[DATA FOR THIS TASK — start]

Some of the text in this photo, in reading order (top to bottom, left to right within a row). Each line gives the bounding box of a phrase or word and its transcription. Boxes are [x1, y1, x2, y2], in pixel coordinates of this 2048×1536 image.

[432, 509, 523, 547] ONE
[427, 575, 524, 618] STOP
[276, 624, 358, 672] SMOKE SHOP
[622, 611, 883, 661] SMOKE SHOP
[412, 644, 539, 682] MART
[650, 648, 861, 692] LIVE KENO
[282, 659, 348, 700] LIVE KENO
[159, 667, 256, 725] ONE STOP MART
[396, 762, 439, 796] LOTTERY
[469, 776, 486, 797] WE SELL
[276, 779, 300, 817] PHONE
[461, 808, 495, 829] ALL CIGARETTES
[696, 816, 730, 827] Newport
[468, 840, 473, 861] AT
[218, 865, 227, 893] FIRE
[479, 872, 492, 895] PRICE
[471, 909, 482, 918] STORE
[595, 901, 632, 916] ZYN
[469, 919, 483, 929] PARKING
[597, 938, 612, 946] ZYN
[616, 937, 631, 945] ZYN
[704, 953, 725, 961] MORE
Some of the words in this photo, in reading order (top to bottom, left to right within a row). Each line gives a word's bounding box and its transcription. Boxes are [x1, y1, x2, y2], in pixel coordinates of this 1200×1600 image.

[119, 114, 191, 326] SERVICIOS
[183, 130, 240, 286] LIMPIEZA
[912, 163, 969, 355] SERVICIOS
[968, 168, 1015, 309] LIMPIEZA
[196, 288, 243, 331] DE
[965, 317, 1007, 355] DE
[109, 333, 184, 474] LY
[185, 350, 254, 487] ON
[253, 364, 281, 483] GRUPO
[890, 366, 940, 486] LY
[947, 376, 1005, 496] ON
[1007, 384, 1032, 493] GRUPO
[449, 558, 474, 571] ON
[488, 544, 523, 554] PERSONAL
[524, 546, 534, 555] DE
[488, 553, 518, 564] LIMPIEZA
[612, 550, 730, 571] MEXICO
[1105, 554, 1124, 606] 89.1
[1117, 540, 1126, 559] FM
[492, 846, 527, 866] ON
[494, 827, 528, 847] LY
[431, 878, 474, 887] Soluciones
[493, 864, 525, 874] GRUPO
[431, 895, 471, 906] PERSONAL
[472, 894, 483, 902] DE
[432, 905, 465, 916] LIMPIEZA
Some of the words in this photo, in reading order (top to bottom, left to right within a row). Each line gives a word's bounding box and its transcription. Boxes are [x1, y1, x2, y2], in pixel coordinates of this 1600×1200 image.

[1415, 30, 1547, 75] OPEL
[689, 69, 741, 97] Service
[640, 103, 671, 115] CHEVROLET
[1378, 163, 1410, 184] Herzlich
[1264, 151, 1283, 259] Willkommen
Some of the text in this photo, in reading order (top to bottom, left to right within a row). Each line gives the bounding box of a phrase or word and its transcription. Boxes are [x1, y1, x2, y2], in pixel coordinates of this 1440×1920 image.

[DATA FOR THIS TASK — finish]

TASK STATEMENT
Look above for the line containing "this 1600×1200 image."; reproduce it and every line after it through the end of the material, exactly, and nothing else.

EXERCISE RESPONSE
Some of the words in this photo, in reading order (top to bottom, left to right within a row). Each line gives a word's bounding box and its transcription. Boxes are [x1, y1, x2, y2], in pixel coordinates of this 1600×1200 image.

[1415, 30, 1547, 75] OPEL
[689, 69, 741, 97] Service
[640, 103, 671, 115] CHEVROLET
[1378, 163, 1410, 184] Herzlich
[1264, 151, 1283, 259] Willkommen
Some of the text in this photo, in reading order (top to bottom, left to right within a row). Each line gives the bounding box of a phrase or word and its transcription. Boxes are [x1, y1, x2, y2], in pixel coordinates of this 1440×1920 image.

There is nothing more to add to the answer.